The crier then opens court by saying: “O yea! O yea! O yea! All persons having business with the honorable the Supreme Court of the United States are admonished to draw near and give their attendance, as the court is now sitting. God save the United States and this honorable court.”
After this quaint little speech business begins.
The members of the court wear gowns like the ecclesiastical robes of the Church of England. This began in early days when this country took English law and customs for pattern and precedent.
The seats of the judges are placed in the order of the time of their appointment, the senior judges occupying seats on either hand of the Chief Justice, while the latest appointments sit at the farthest end of each row.
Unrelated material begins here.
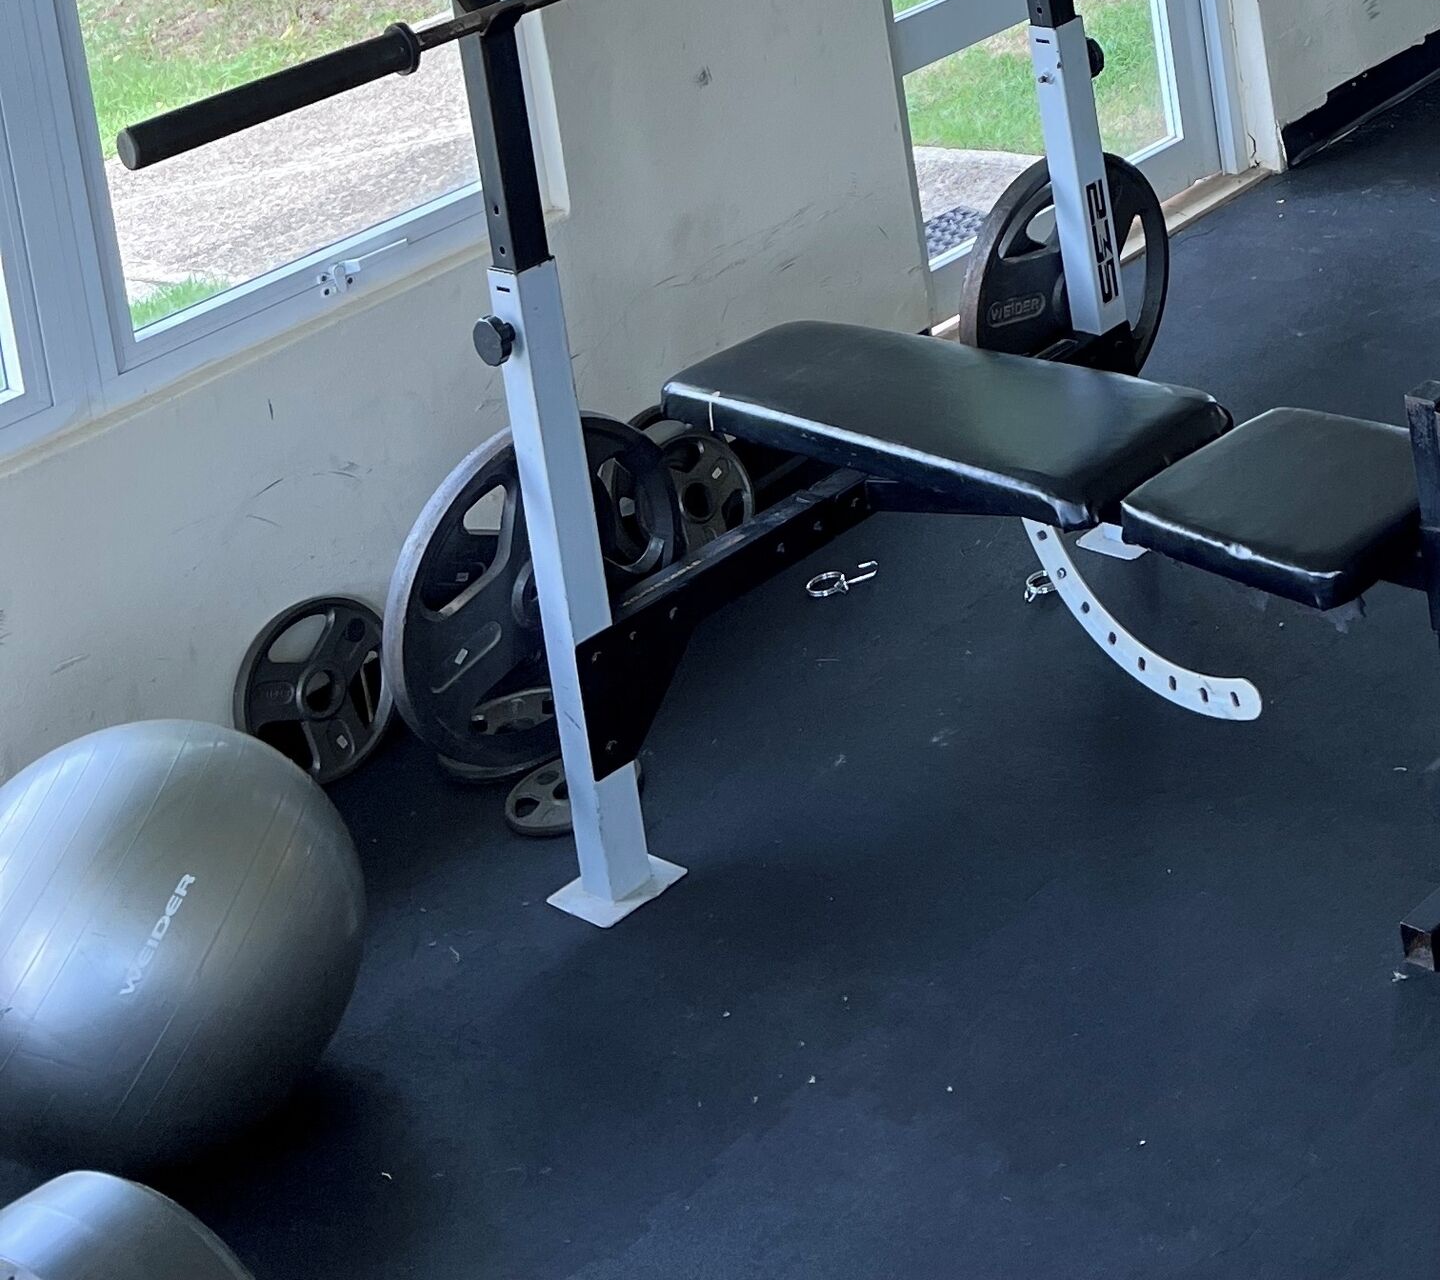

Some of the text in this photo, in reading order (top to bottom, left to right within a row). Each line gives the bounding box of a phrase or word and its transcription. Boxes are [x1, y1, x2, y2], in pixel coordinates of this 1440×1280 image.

[1086, 178, 1119, 304] 235
[991, 296, 1041, 322] WEIDER
[119, 873, 196, 995] WEIDER
This order of precedence extends even into the consulting-room, where the judges meet to talk over difficult cases, the Chief Justice presiding at the head.
Our country is justly proud of its judiciary. The Supreme Court of our country is the last rampart of liberty. Should this court become corrupt our free institutions will surely perish.
The Supreme Court of the United States has, however, made some grave mistakes—witness the famous decision of Justice Taney—but, for the most part, time has only verified their decisions.
The men who have sat here have not only been fair representatives of the legal knowledge of their day, but also men of unimpeachable integrity and of the highest patriotism. Many of them have been devout Christians. Some on the bench at present are among the best church workers of Washington.
Courts are conservative bodies. Conservatism produces nothing, but is useful in preserving that which enthusiasm has created.
This Supreme Court room has been made further memorable as being the place in which, in 1877, sat the Electoral Commission which decided the Presidential contest as to whether Hayes, of the Republican party, or Tilden, of the Democratic party, should be the Executive of a great nation for four years.